Apakah ada yang salah dengan diriku sendiri? Itulah pertanyaan yang akan membawa saya pada permenungan dalam artikel ini.
Di mana saya mengamati panggung Kompasiana yang dulunya dielu-elukan bak pahlawan kemerdekaan oleh semua orang, kini bagaikan kapal yang sedang terombang-ambing di tengah arus percobaan. Dan penyebab utamanya adalah sesama Kompasianer.
Mengapa hal itu bisa terjadi? Karena diriku dan sesama (Liyan) saling memperebutkan sisa-sisa roti dari sang empunya bangsa ini.

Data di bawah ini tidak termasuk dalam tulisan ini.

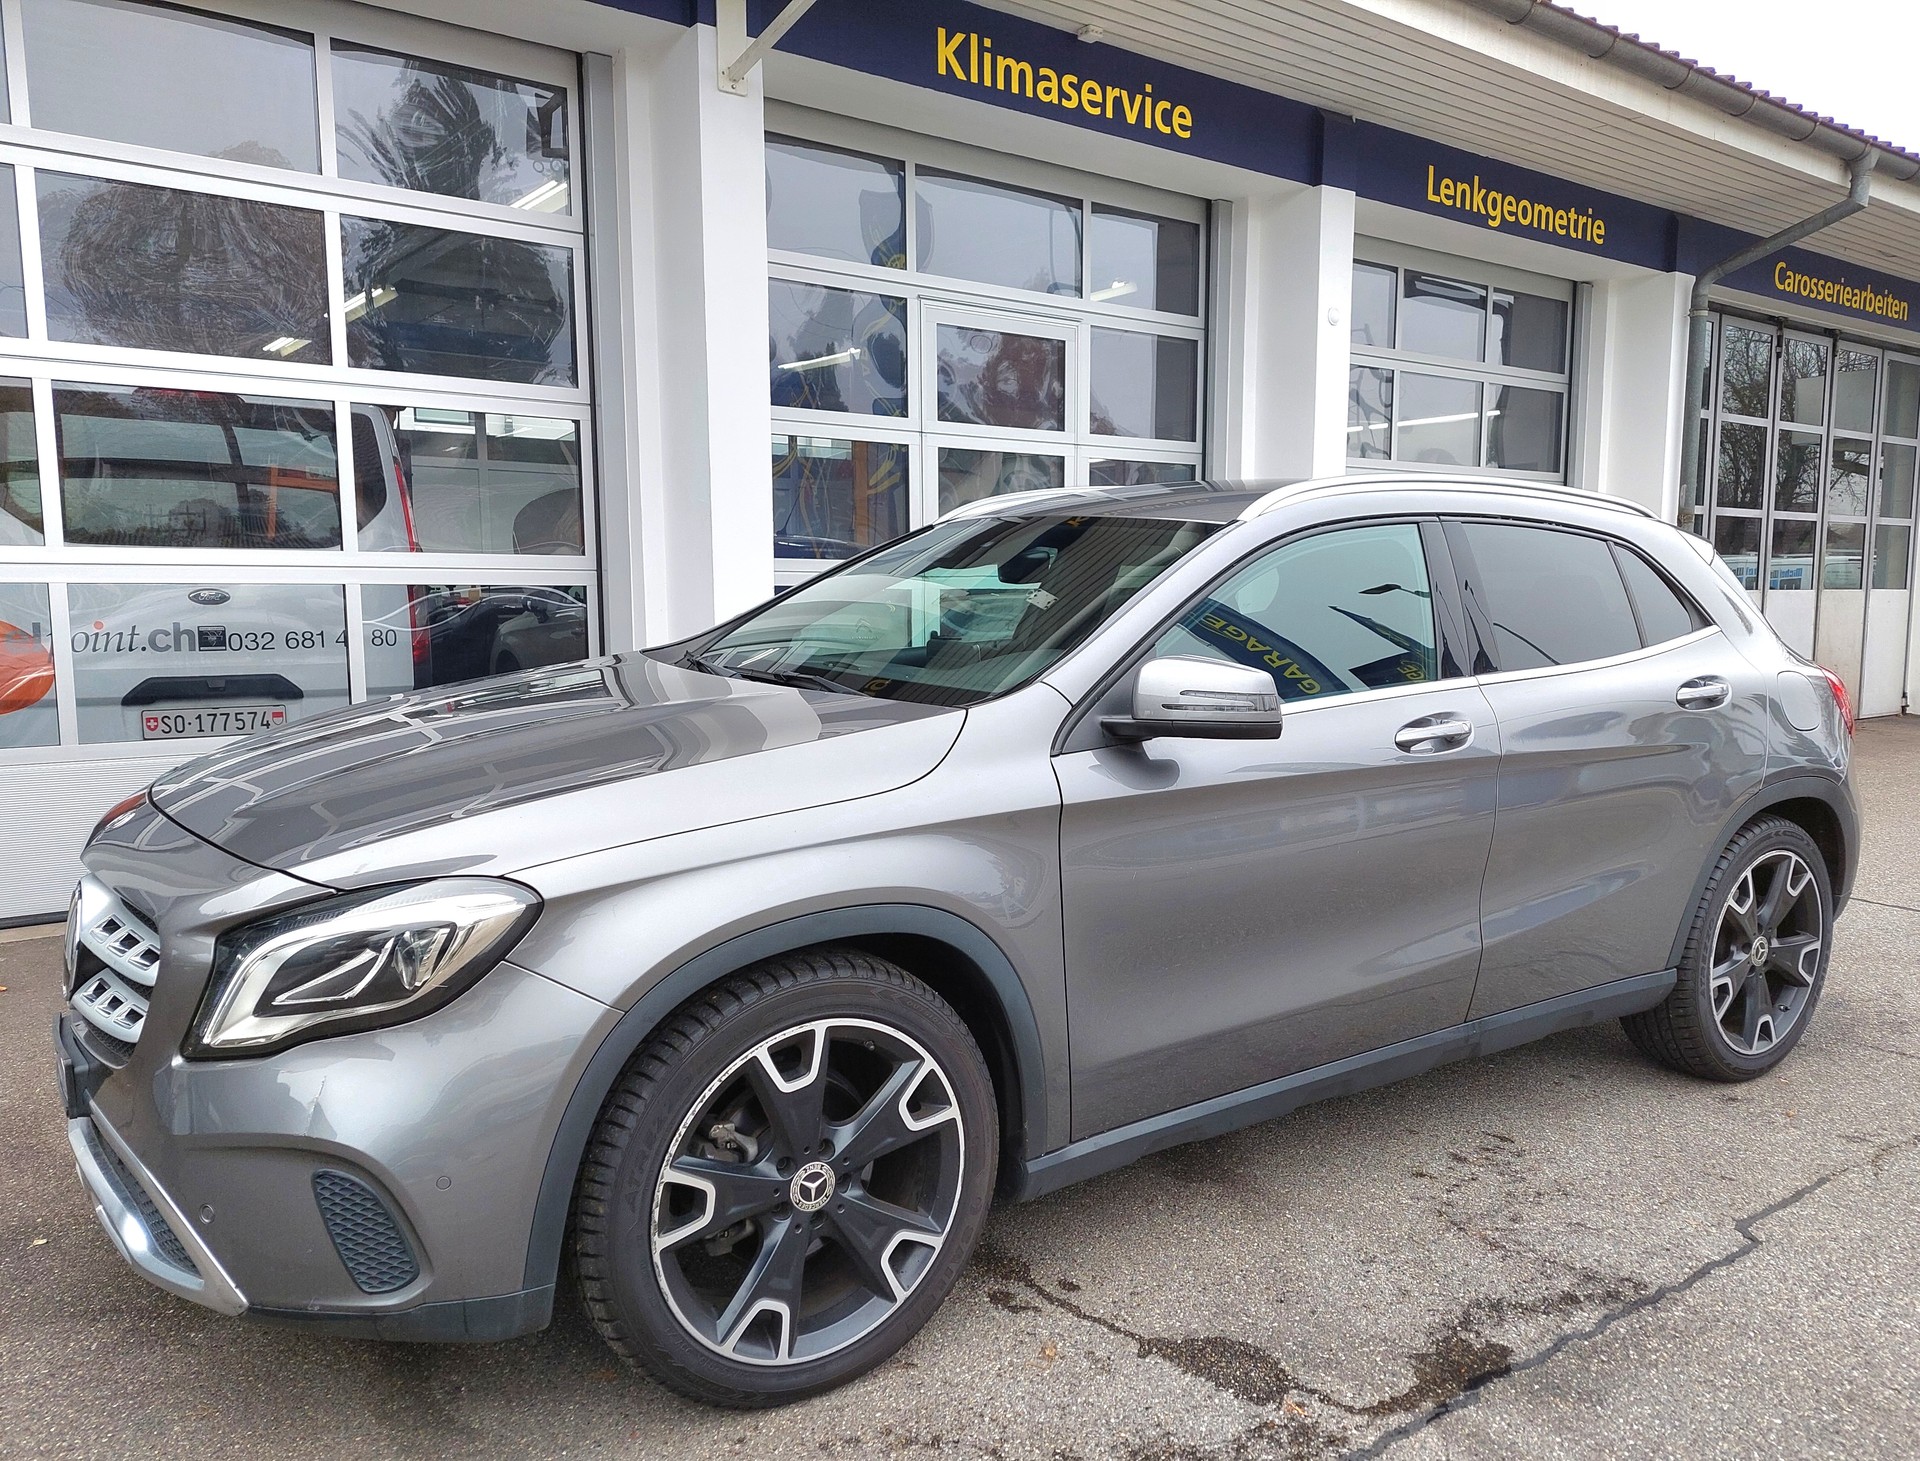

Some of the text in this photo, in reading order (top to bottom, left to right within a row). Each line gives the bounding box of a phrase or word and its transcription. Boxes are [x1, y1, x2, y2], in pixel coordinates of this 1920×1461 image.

[936, 26, 1193, 139] Klimaservice
[1427, 164, 1606, 245] Lenkgeometrie
[1774, 261, 1909, 321] Carosseriearbeiten
[228, 631, 276, 652] 032
[285, 630, 325, 649] 681
[371, 629, 397, 647] 80
[1202, 613, 1322, 696] GARAGE

Padahal, Kompasiana akan tetap eksis, jika kehadiranku dan yang lain tidak ada! Catatan sejarah dalam kamus kehidupanku.
Setelah melalui permenungan/refleksi yang mendalam, saya pun tertawa lepas dengan kekonyolanku selama bulan Agustus.
Lebih lanjut, saya memasang cermin di kamar sekaligus kamar mandi untuk selalu berkaca pada diri sendiri. Karena selama ini, saya cenderung untuk mengumbar atau pun tersinggung dengan pendapat, ide dari sesama Kompasianer.

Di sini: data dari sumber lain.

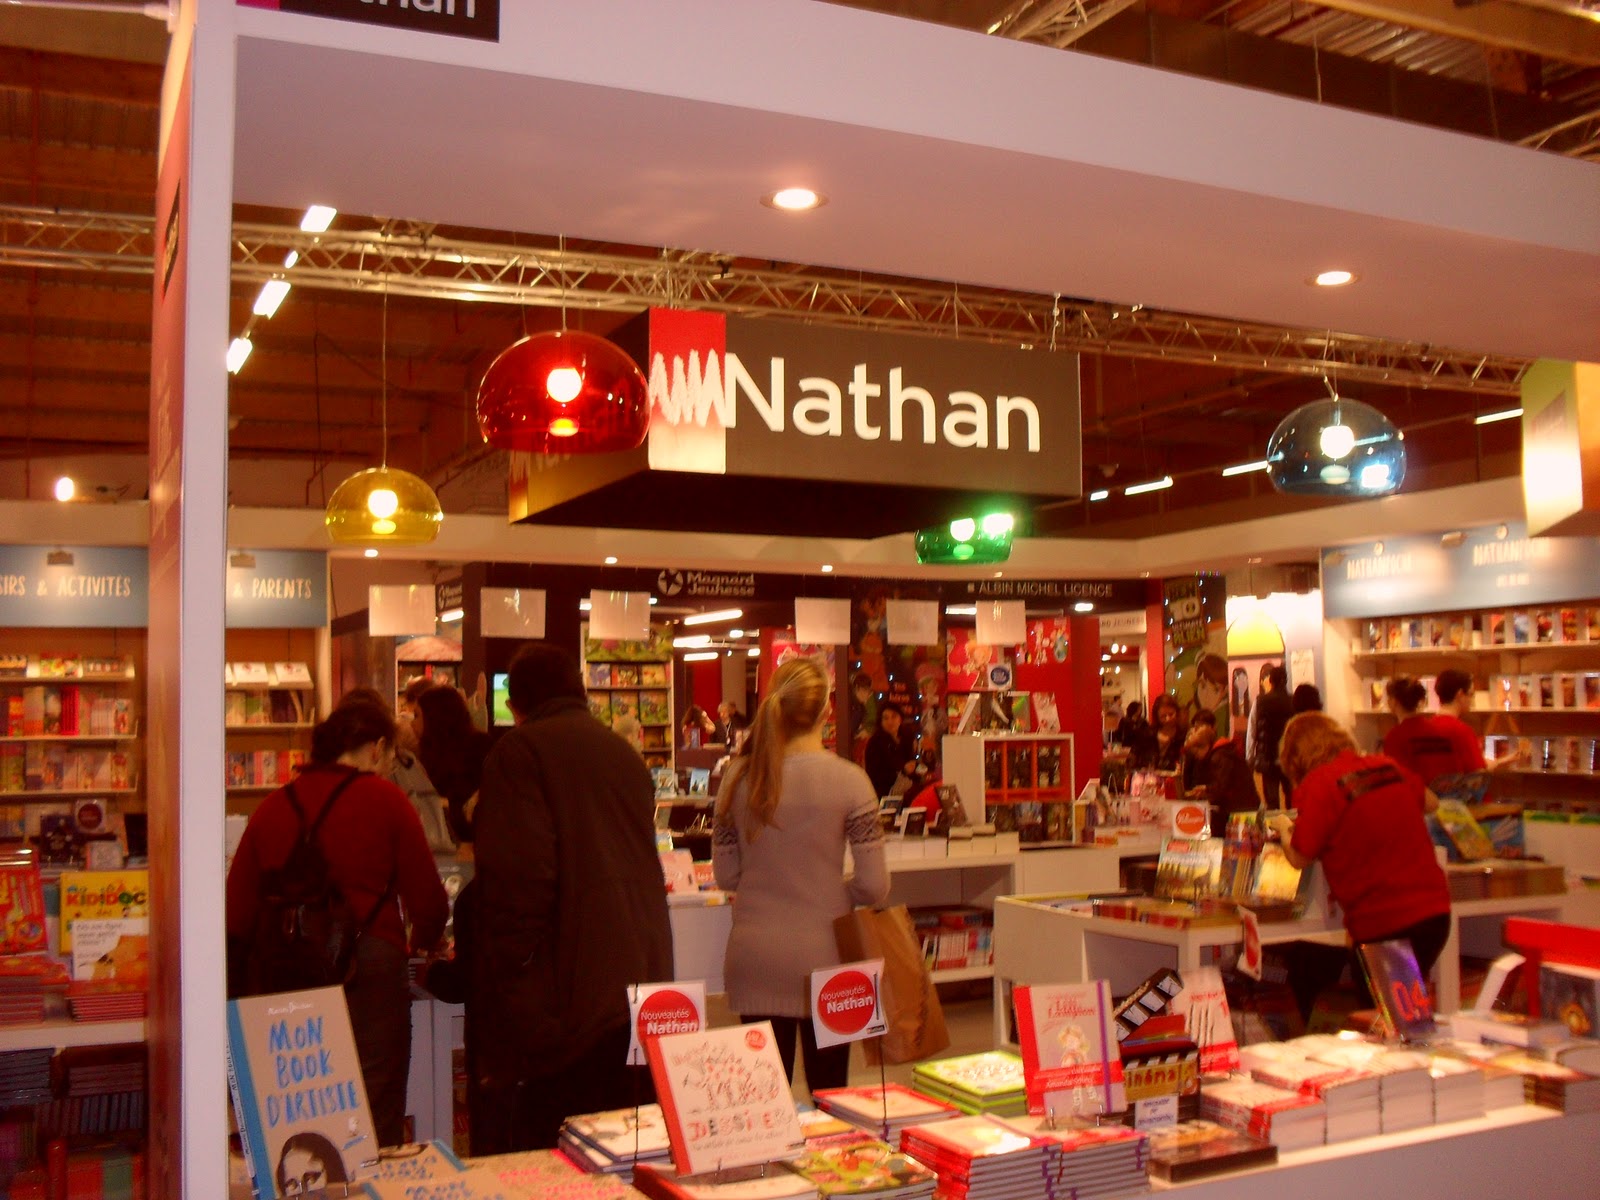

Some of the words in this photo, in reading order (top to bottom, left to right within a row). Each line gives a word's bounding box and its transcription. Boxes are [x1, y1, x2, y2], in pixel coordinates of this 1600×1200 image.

[724, 352, 1041, 453] Nathan
[36, 579, 49, 597] &
[252, 577, 312, 600] PARENTS
[978, 582, 1014, 595] ALBIN
[1017, 583, 1059, 597] MICHEL
[1063, 583, 1113, 598] LICENCE
[820, 985, 866, 1001] Nouveautés
[826, 995, 874, 1014] Nathan
[640, 1009, 690, 1020] Nouveautés
[646, 1020, 698, 1035] Nathan
[276, 1048, 332, 1089] BOOK

Itulah kesalahanku! Saya mengakui bahwasannya otakku memang diproduksi untuk menciptakan masalah. Entah masalah dengan tetangga kontrakanku, orang-orang tercinta, sahahabat maupun kenalan.
Namun, saya tak mungkin terus hidup dalam lingkaran demikian. Karena kehidupan saya pun selalu berdampingan dengan orang lain.
Sebagai makhluk sosial yang memiliki keunikan dan perbedaan, saya harus membangkitkan semangat mencintai kehidupan (Sense of life) dan rasa memiliki (Sense of Belonging) demi menambah imun spiritual dan kesehatan.
Elaborasi dari imun spiritual dan kesehatan menyatu dalam semangat persaudaraan.
Persaudaraan Lebih Tinggi Dari Apa pun
Salah satu filsuf Aristoteles mengatakan;"Persahabatan/persaudaraan itu lebih tinggi dari kepentingan apa pun."
Relevansi dari pendapat Aristoteles ini mengacu pada relasi persahabatan kita sesabagi pegiat literasi di rumah Kompasiana.
Pegiat literasi kok tidak akur! Bagaimana pembaca bisa mendapatkan sesuatu yang bermanfaat dari hasil karya kita?
Pertanyaan ini sebagai PR bagi kita semua. Terutama bagi saya.
Terakhir, tulisan ini adalah bagian dari autokritik terhadap diri saya sendiri. Jika Anda merasa kurang nyaman, tertawalah. Karena tertawa itu tidak dilarang oleh siapa pun. Kecuali kematian.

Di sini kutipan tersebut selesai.